Possible Complications

  • Occasionally DIC may develop. Neurologic signs or even seizures secondary to the hemoconcentration may occur.
  • Cardiac arrhythmias occur from suspected myocardial reperfusion injury.
  • A hemolytic-uremic syndrome may occur (rare).
  • Most dogs recover. Mortality rate can be high in untreated dogs. Fewer than 10% of treated dogs die, and 10–15% have repeated occurrences.

Expected Course and Prognosis

  • The course of the disease is generally short, lasting from 24 to 72 hours.
  • The prognosis is good, and most patients recover with no complications.
  • Sudden death is uncommon if adequately treated.

Miscellaneous

Miscellaneous

Associated Conditions

N/A

Age-Related Factors

N/A

Zoonotic Potential

Unknown

Pregnancy/Fertility/Breeding

N/A

Synonym

Acute hemorrhagic enterocolitis

Abbreviations

  • DIC = disseminated intravascular coagulation
  • ELISA = enzyme-linked immunosorbent assay
  • GI = gastrointestinal
  • HGE = hemorrhagic gastroenteritis
  • PCV = packed cell volume
  • RBC = red blood cells
  • WBC = white blood cells

Suggested Reading

Hall JH, German AJ. Diseases of the small intestine.

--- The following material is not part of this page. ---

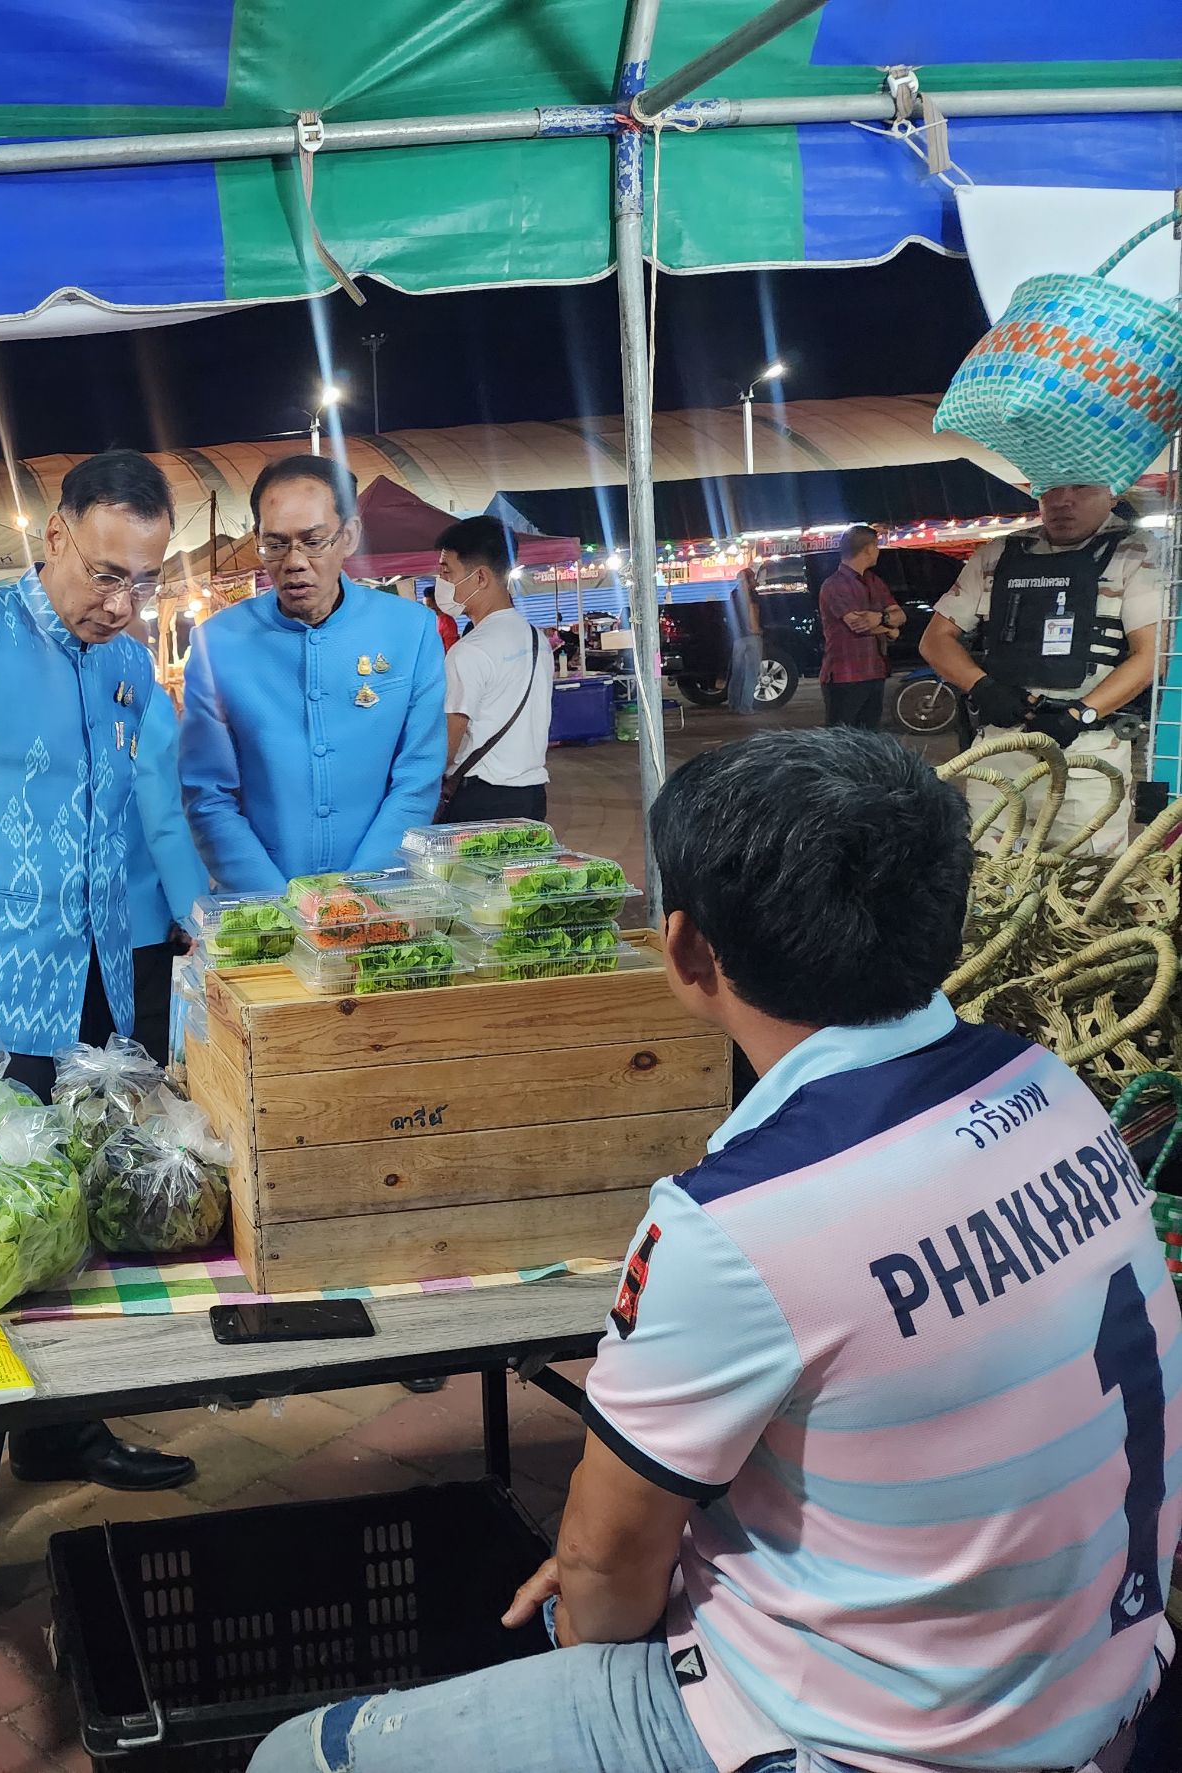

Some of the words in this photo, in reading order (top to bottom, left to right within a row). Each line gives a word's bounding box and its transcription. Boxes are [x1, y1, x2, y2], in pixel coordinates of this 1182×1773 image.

[1007, 576, 1071, 589] กรมการปกครอง
[1093, 1262, 1165, 1638] 1

In: Ettinger SJ, Feldman EC, eds., Textbook of Veterinary Internal Medicine, 6th ed. St. Louis, MO: Elsevier, 2005, pp. 13321378.

Hall JH. Small intestine. In: Washabau RJ, Day MJ, eds., Canine and Feline Gastroenterology. St. Louis, MO: Elsevier, 2013, pp. 651728.

Sasaki J, Goryo M, Asahina M, et al. Hemorrhagic enteritis associated with Clostridium perfringens type A in a dog. J Vet Med Sci 1999, 61:175177.

Spielman BL, Garvey MS. Hemorrhagic gastroenteritis in dogs. J Am Anim Hosp Assoc 1993, 29:341344.

Unterer S, Strohmeyer K, Kruse BD, et al. Treatment of aseptic dogs with hemorrhagic gastroenteritis with amoxicillin/clavulanic acid: a prospective blinded study. J Vet Intern Med 2011, 25:973979.

Unterer S, Busch K, Leipig M, et al. Endoscopically visualized lesions, histologic findings, and bacterial invasion in the gastrointestinal mucosa of dogs with acute hemorrhagic diarrhea syndrome. J Vet Intern Med 2014, 28:5258.